Recovered paper is thus the most important raw material in the German paper industry. In an international comparison,
Germany is also among the leaders with its use of recovered paper. The European average recovered paper utilization
rate is around 52 % [2]. In Europe, recovered paper is divided into a large number of different classes according to the
European List of Standard Grades of Paper and Board for Recycling EN 643 [3]. Since the revision in 2013, this
standard contains some fundamental improvements, especially with regard to the tolerance limits for non-paper
components and a detailed description of the individual grades. Nevertheless, this information is not sufficient to
deduce the quality of the individual recovered paper grades in terms of their potential for producing new paper and
board products.
Paper products, and thus also the quality of recovered paper, are subject to numerous changes and innovations. The
effects of these innovations are noticeable in the recycling cycle. This effect often only becomes visible after a period
of enrichment. For example, the trend towards high print gloss means that graphic papers are now often coated, which
significantly increases the proportion of mineral additives in recovered papers of the graphic grade groups. In
packaging papers, however, there is a trend towards higher-quality products with white outer layers facing the
consumer. This tends to lead to high-quality cellulose fibers in the grades of recovered packaging paper. These and
other developments in paper end products are constantly changing the quality of recovered paper. In order to monitor
this dynamic process, a continuous measurement of quality properties is necessary. For this reason, the Institute for
Paper Technology and Mechanical Process Engineering conducts a study on the status quo of recovered paper quality
in Germany approximately every 10 years [4, 5, 6, 7]. Due to the limitations in time and financial resources as well as
the great effort due to the large number of tests carried out and the measured parameters on the individual samples,
not all grades in the standard grade list can be tested. Therefore, the investigations are limited to the three most
important grades 1.02.00 (mixed paper and board), 1.04.00 (corrugated paper and board packaging) and 1.11 (sorted
graphic paper for deinking), which together already make up a large part of the recovered paper traded in Germany.

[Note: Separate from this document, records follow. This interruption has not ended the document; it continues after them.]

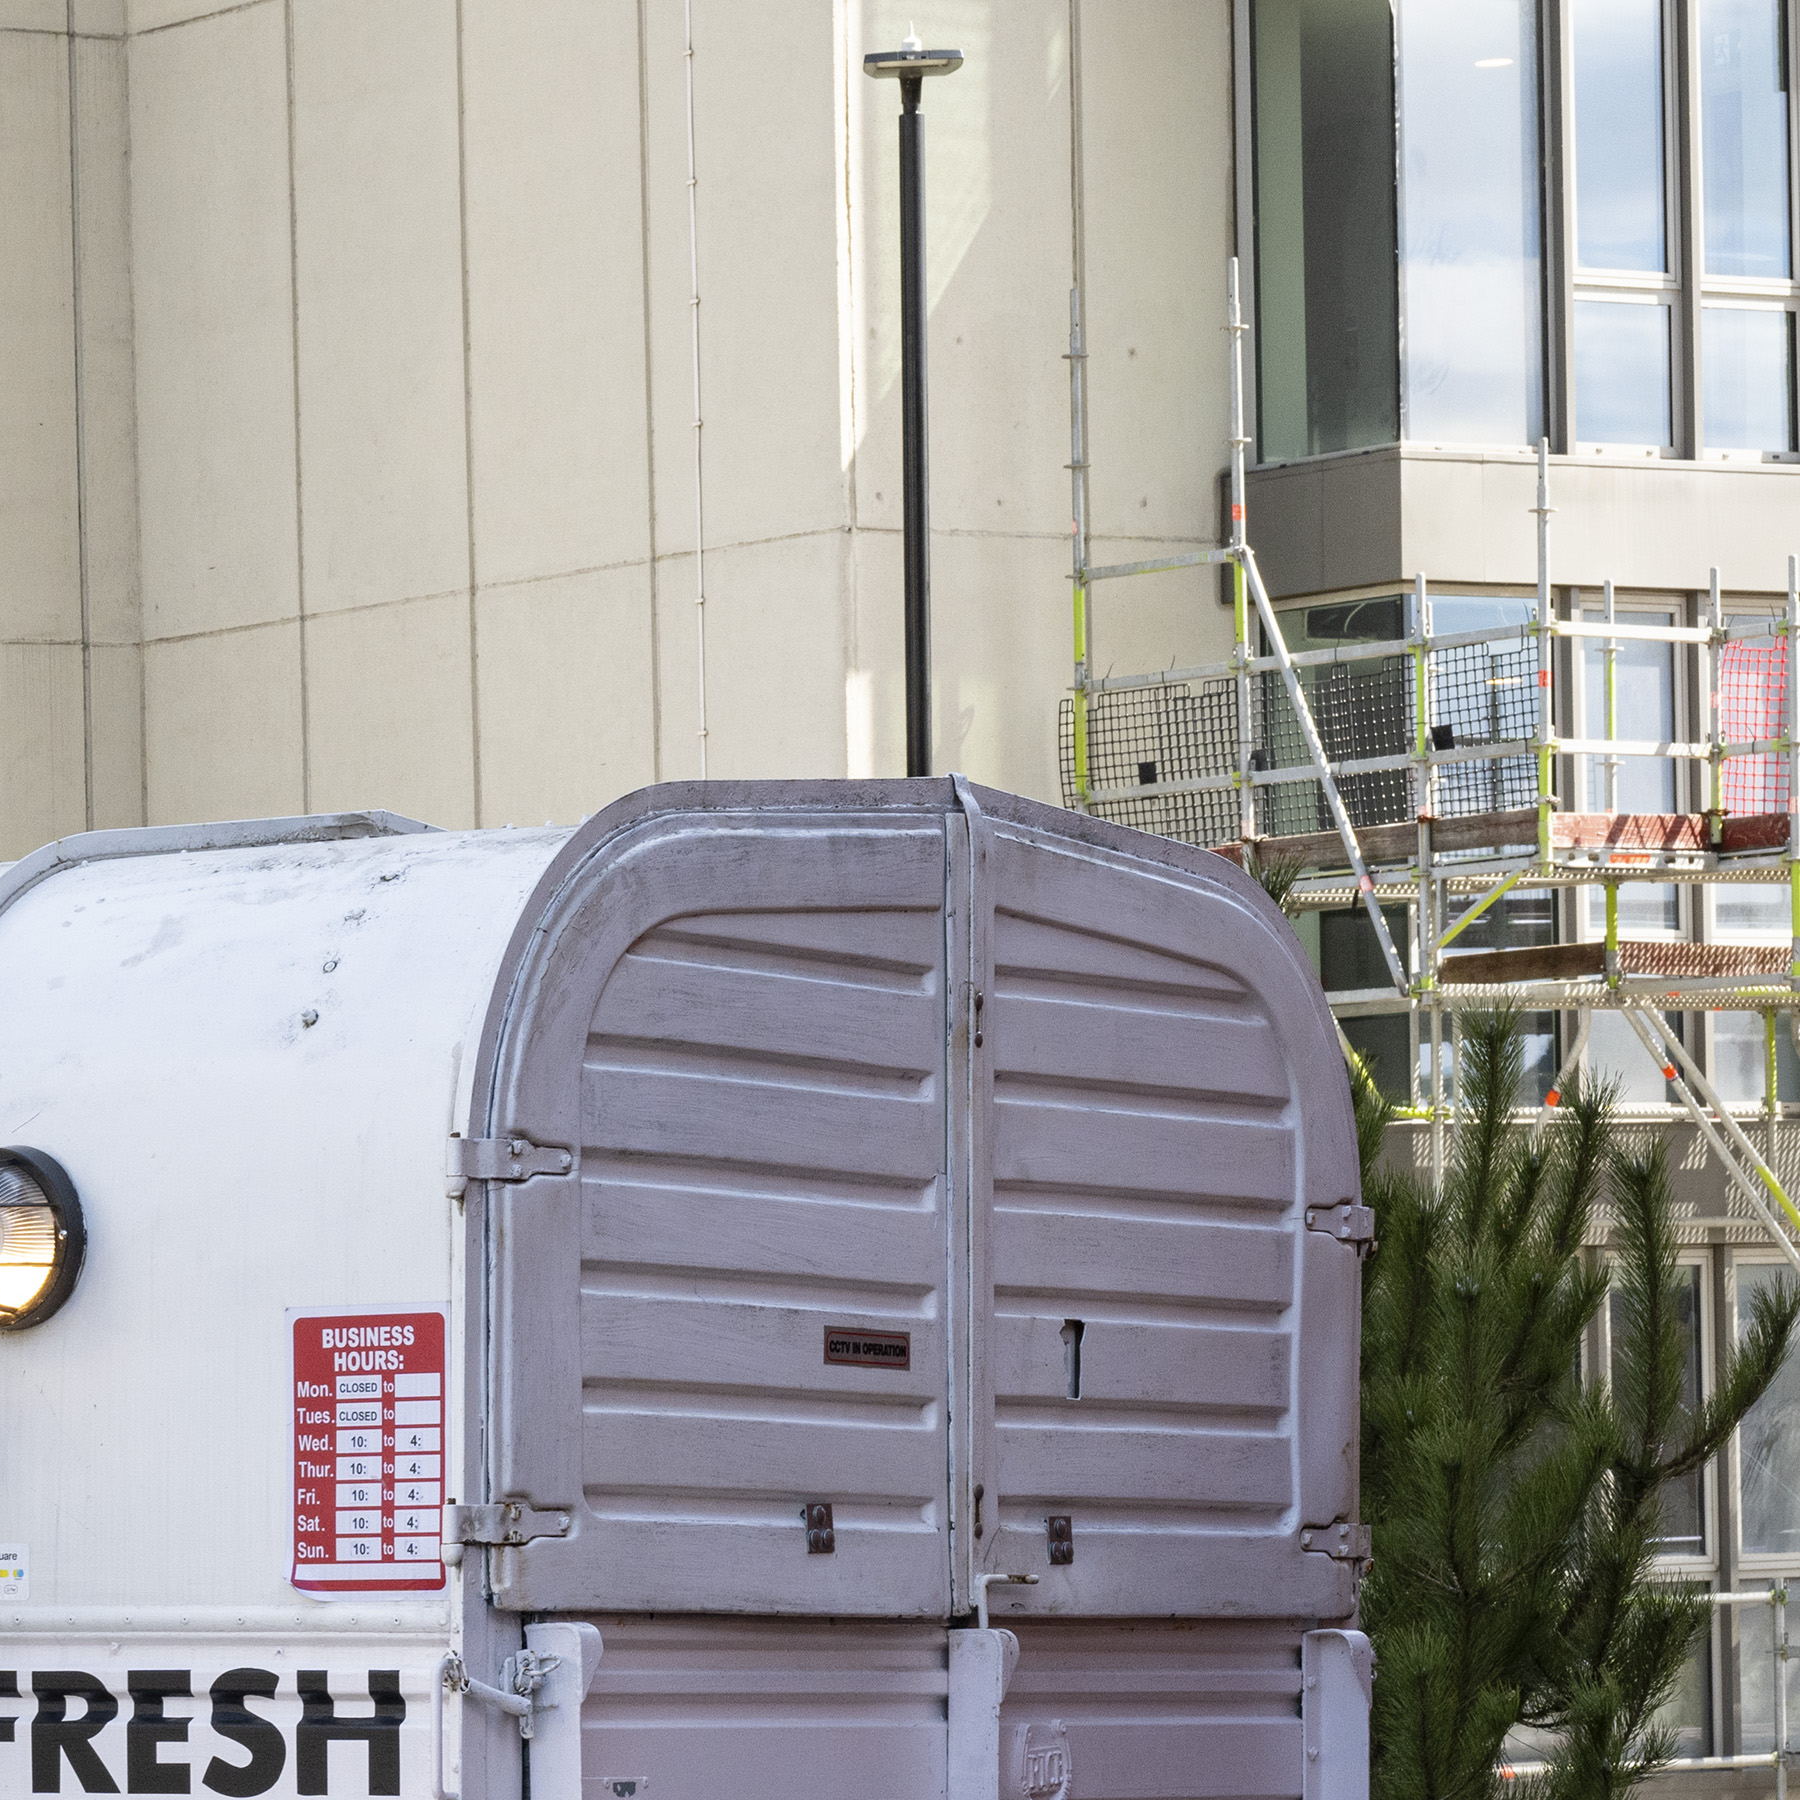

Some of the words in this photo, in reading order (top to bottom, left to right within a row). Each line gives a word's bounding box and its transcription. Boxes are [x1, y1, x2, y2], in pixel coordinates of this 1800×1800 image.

[321, 1325, 415, 1349] BUSINESS
[829, 1340, 851, 1354] CCTV
[852, 1341, 861, 1354] IN
[862, 1342, 907, 1357] OPERATION
[333, 1350, 404, 1372] HOURS:
[296, 1381, 333, 1398] Mon.
[339, 1382, 378, 1393] CLOSED
[383, 1380, 395, 1393] to
[296, 1407, 336, 1424] Tues.
[339, 1410, 378, 1422] CLOSED
[383, 1407, 395, 1420] to
[298, 1434, 334, 1451] Wed.
[351, 1436, 367, 1448] 10:
[383, 1434, 395, 1447] to
[298, 1461, 334, 1478] Thur.
[350, 1463, 367, 1475] 10:
[383, 1461, 395, 1474] to
[297, 1488, 321, 1505] Fri.
[352, 1489, 369, 1501] 10:
[383, 1488, 394, 1500] to
[297, 1515, 326, 1532] Sat.
[352, 1517, 369, 1529] 10:
[383, 1515, 394, 1527] to
[297, 1542, 329, 1559] Sun.
[353, 1543, 370, 1555] 10:
[383, 1543, 394, 1555] to

These grades therefore give a good impression of the current recovered paper quality in Germany. In addition to the
composition, the study also examines the suspension properties, mechanical properties and chemical constituents of
the previously mentioned recovered paper grades. In order to obtain a comprehensive overview of the current
recovered paper quality in the whole of Germany and to avoid giving too much weight to possible regional
peculiarities, samples from a total of 10 sites distributed throughout the whole of Germany were examined. The sites
included paper mills as well as paper sorting plants and recovered paper traders. The sample quantity of the individual
samples was chosen such that the composition is representative for a recovered paper delivery. How this can be
achieved is described in literature [8, 9]. Depending on the grade, the size of a sample was between 40 kg and 100 kg.

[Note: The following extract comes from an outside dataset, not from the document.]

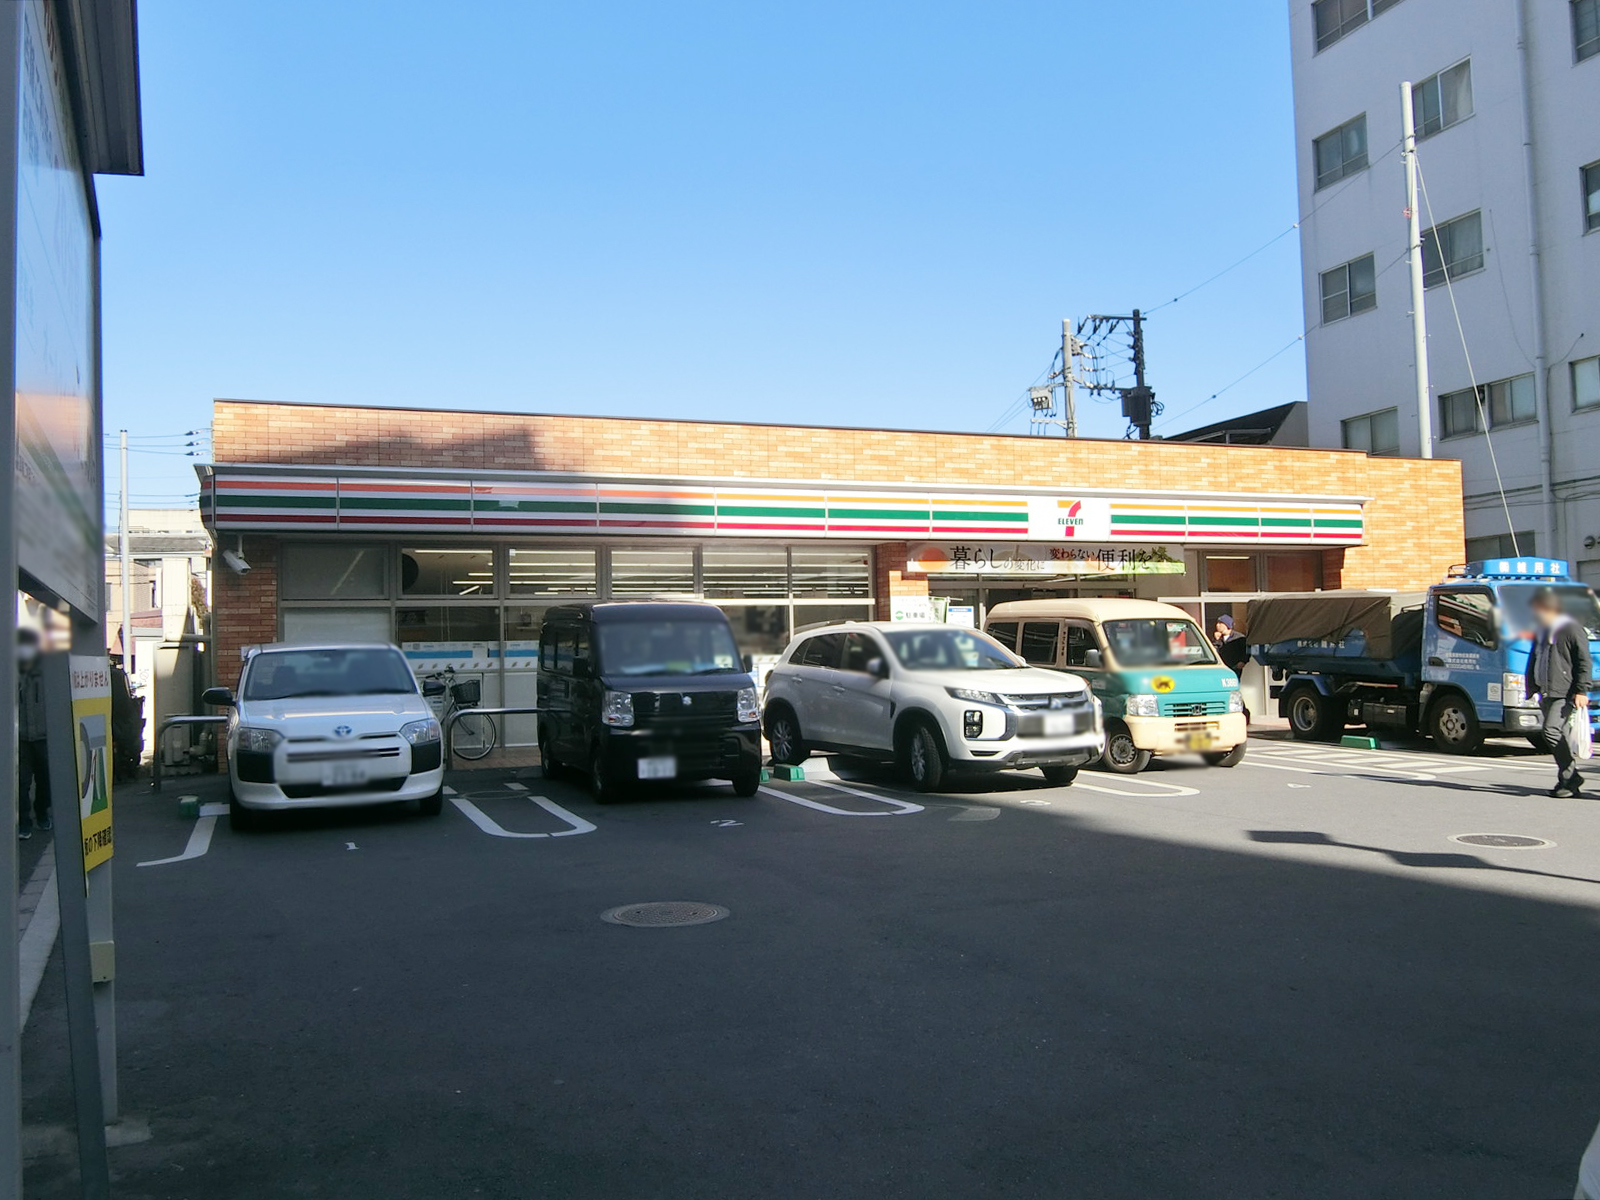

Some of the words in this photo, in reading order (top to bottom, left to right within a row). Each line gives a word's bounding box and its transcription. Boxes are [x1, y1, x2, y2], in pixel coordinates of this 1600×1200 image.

[1057, 500, 1082, 537] 7
[949, 546, 1045, 571] 暮らしの変化に

In this project, particular attention was paid to determining the composition of the recovered paper samples. To the
best of our knowledge, there is currently no automatic measuring device that allows the composition of recovered
paper samples to be analysed in accordance with EN 643. For this reason, recovered paper samples that required an
exact determination of the composition were always counted manually in the past. This process is particularly time-
consuming. Depending on the sample composition, the counting of 10 kg of sample material can take up to 3 hours
[10]. Within the scope of this project, the development of an automatic measuring system should be advanced in order
to significantly reduce the time and personnel effort of sample analysis.

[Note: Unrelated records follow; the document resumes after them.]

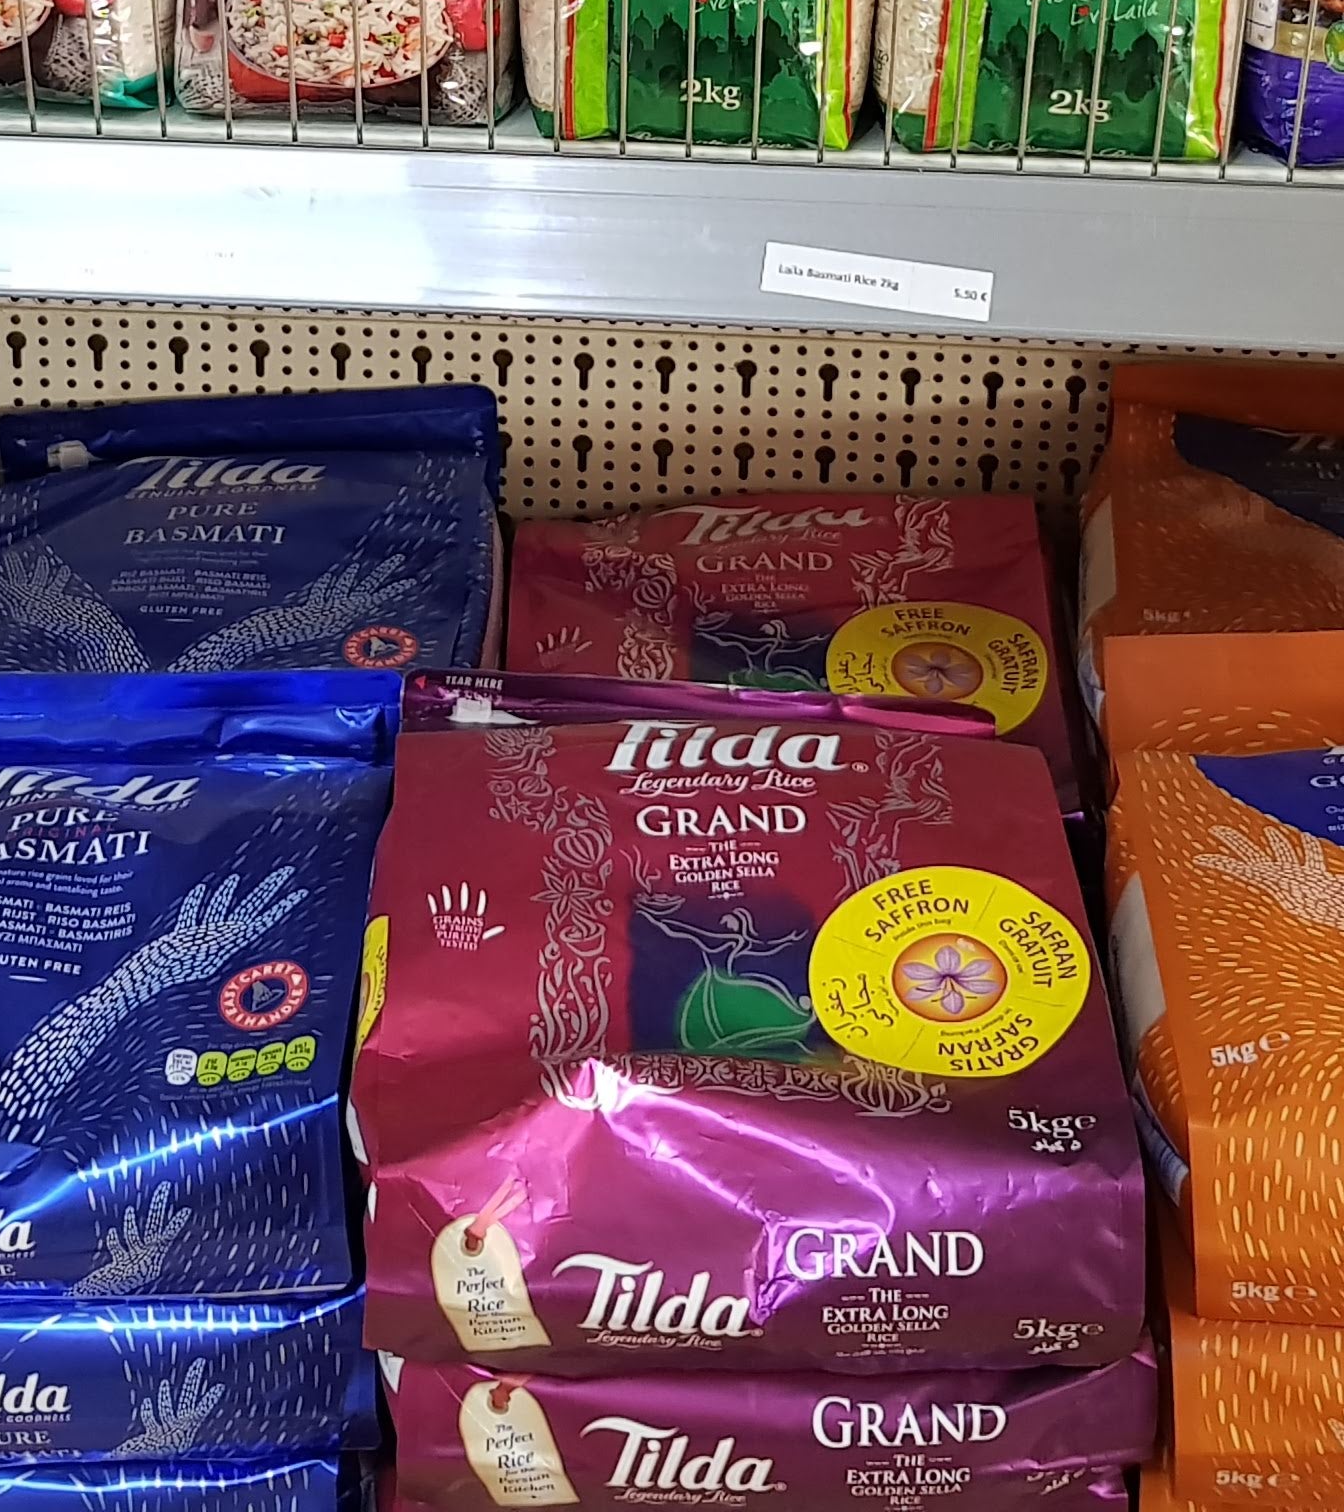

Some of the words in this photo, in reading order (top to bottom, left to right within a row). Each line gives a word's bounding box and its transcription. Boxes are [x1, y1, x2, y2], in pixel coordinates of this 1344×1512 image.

[807, 268, 851, 283] Basmati
[855, 275, 876, 286] Rice
[954, 288, 977, 300] 5.50
[169, 501, 256, 524] PURE
[123, 522, 285, 546] BASMATI
[697, 553, 833, 573] GRAND
[895, 607, 943, 621] FREE
[881, 621, 970, 637] SAFFRON
[445, 675, 469, 688] TEAR
[475, 677, 504, 690] HERE
[604, 720, 848, 772] Tilda
[636, 806, 807, 835] GRAND
[709, 840, 736, 851] THE
[669, 854, 724, 870] EXTRA
[728, 851, 779, 867] LONG
[676, 869, 729, 881] GOLDEN
[734, 866, 775, 878] SELLA
[711, 879, 740, 891] RICE
[872, 878, 933, 911] FREE
[45, 903, 101, 918] BASMATI
[103, 902, 132, 916] REIS
[864, 897, 970, 943] SAFFRON
[1021, 911, 1077, 980] SAFRAN
[43, 960, 82, 975] FREE
[1209, 1037, 1256, 1068] 5kg
[784, 1230, 983, 1280] GRAND
[551, 1252, 752, 1334] Tilda
[1232, 1281, 1279, 1302] 5kg
[467, 1297, 505, 1313] Rice
[821, 1307, 877, 1323] EXTRA
[882, 1304, 949, 1321] LONG
[827, 1322, 889, 1334] GOLDEN
[895, 1320, 940, 1332] SELLA
[812, 1396, 1006, 1448] GRAND
[580, 1416, 774, 1492] Tilda
[846, 1468, 902, 1486] EXTRA
[907, 1466, 971, 1486] LONG

MEASURING SYSTEM FOR THE COMPOSITION ANALYSIS OF RECOVERED PAPER SAMPLES
The aim of the measuring system is to analyze recovered paper samples of up to 100 kg automatically with regard to
their composition. For this purpose, an approach similar to manual sample analysis was chosen: In manual analysis,
each object is picked from the sample, examined and then categorized. The measuring system should function in the
same way. Figure 1 illustrates the structure of the measurement system, which is described below. Basically, the
system is divided into two parts: The first part of the system is intended to separate the paper objects, while the second
part is intended to classify the paper objects.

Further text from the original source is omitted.